La diferencia entre uno y otro es del cielo a la tierra. Pese a que desde la
ciudad la gente siempre piense en el campesinado como los jodidos.
Se les
pobretea cuando en realidad —si se lograron zafar de la imagen que les impuso
el extensionismo del sistema— tienen una imagen de sí mismos que entraña mayor
dignidad, mayor claridad de todo lo que está ocurriendo.
Siempre
decimos que desde la milpa se ve el mundo entero por una razón muy tremenda que
es: en la milpa se sienten todos los ataques, todos estos efectos nocivos de
todos estos procesos. La gente los vive, los siente, los ubica y está tratando
de resistir. Ahí se vuelca toda la devastación y el despojo y el desmadramiento
—en el sentido literal de desmadrar, es decir, sacar de madre, sacar de cauce,
desenraizando. Eso que Karl Polanyi llamó la Gran Transformación del Mundo. El
proceso por el cual todo se desenraizó, se desmadró. Hay quien lo describe como
una desincrustación. Los procesos dejaron de girar en torno a una vida
cotidiana en corto y se deshilacharon por el mundo en eso que ahora llamamos
globalización. El vaciamiento del sentido de todo aquello cercano y mutuo, y
que ocurre en la vida cotidiana.
Para
volver a una autonomía real, tendremos que recuperar nuestra soberanía
alimentaria. Dejarnos de someter a los dictados de esa industria que con
violencia rompe las escalas naturales en que ocurren los procesos que nos
importan. Comenzar a reparar cada eslabón de esa avalancha de devastaciones y
despojos.
Pero no
es factible sólo hacer remiendos. Tiene que ser total la reparación. Es decir,
cambiar la narrativa implícita, y como tal el proceso real que conlleva.

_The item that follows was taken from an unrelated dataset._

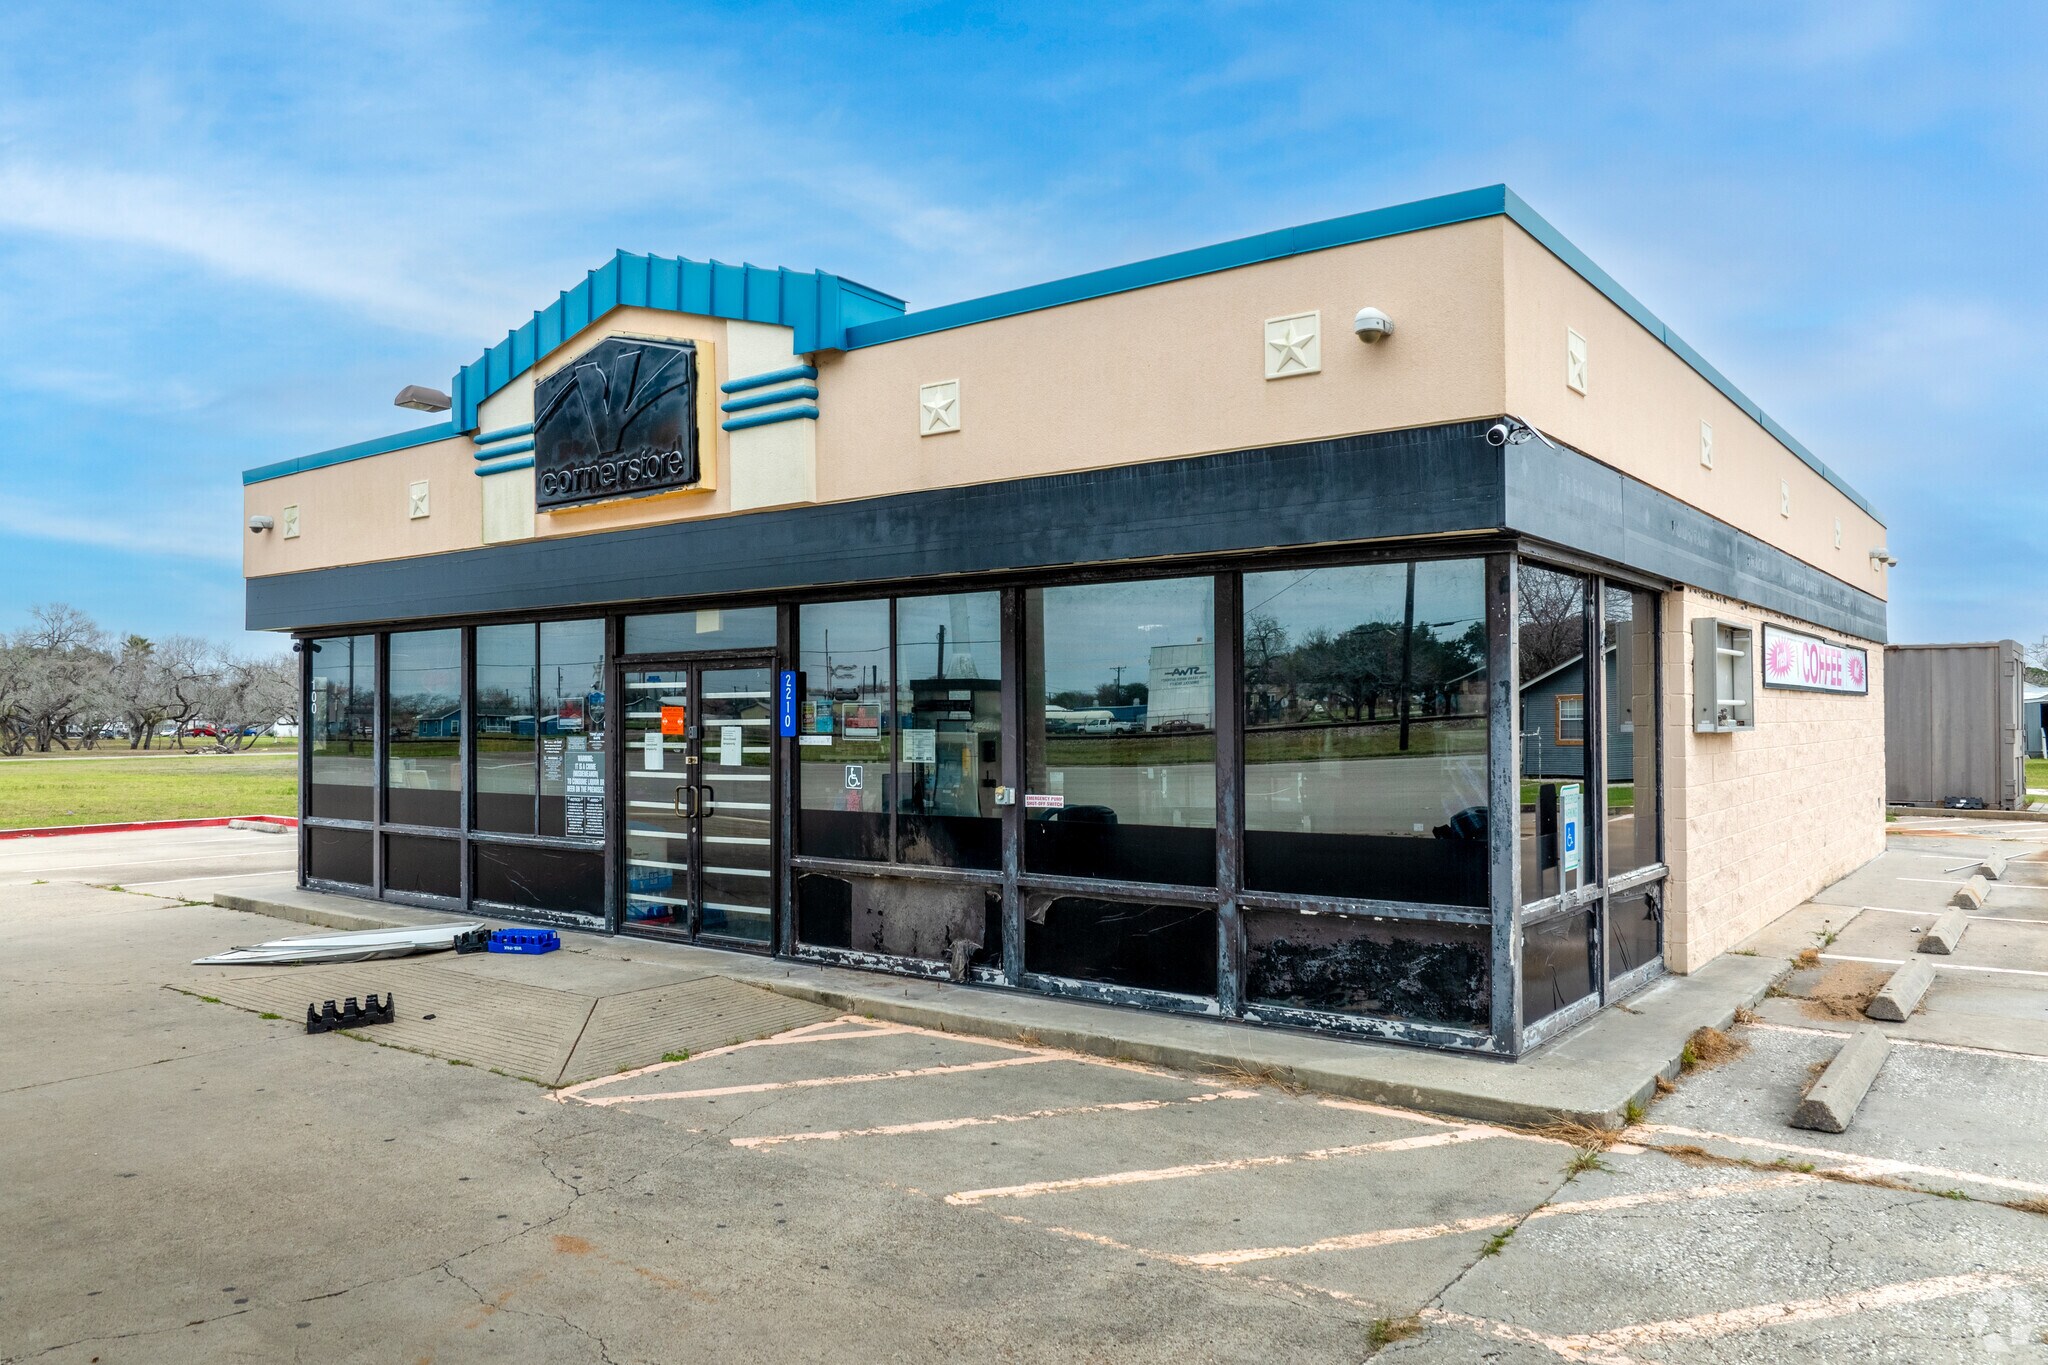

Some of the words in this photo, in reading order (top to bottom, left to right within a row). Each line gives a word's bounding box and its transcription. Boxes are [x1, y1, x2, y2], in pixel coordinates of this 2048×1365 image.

[541, 450, 683, 496] cornerstore
[1803, 642, 1841, 686] COFFEE
[784, 674, 792, 728] 2210
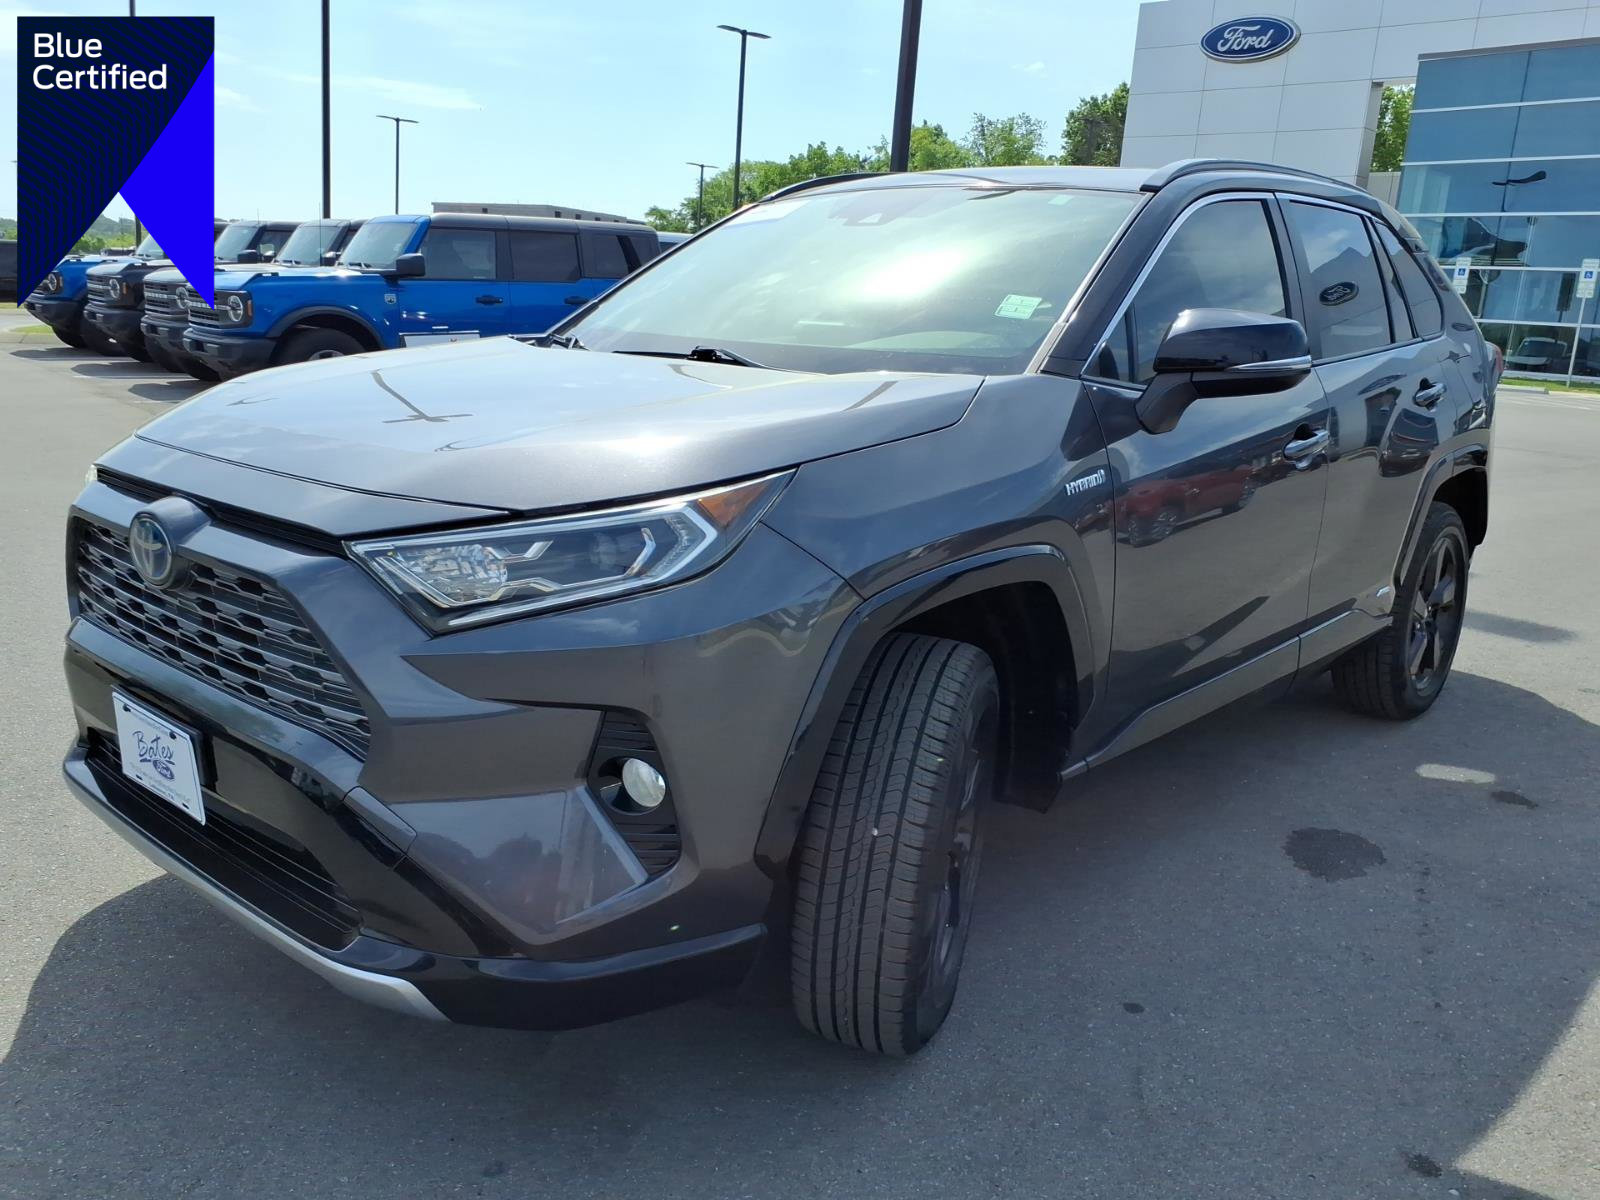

Mientras sigamos en estos procesos de muerte, las narrativas sólo podrán ser de
muerte.
Las transformaciones
tendrán que ser radicales y no sólo programitas de autosuficiencia alimentaria
y paquetes de semillas “mejoradas”, o en defensa de un maíz “criollo”, gourmet.
Por lo
pronto, comenzar a hacer memoria de nuestra historia propia de certezas y logros
inmemoriales.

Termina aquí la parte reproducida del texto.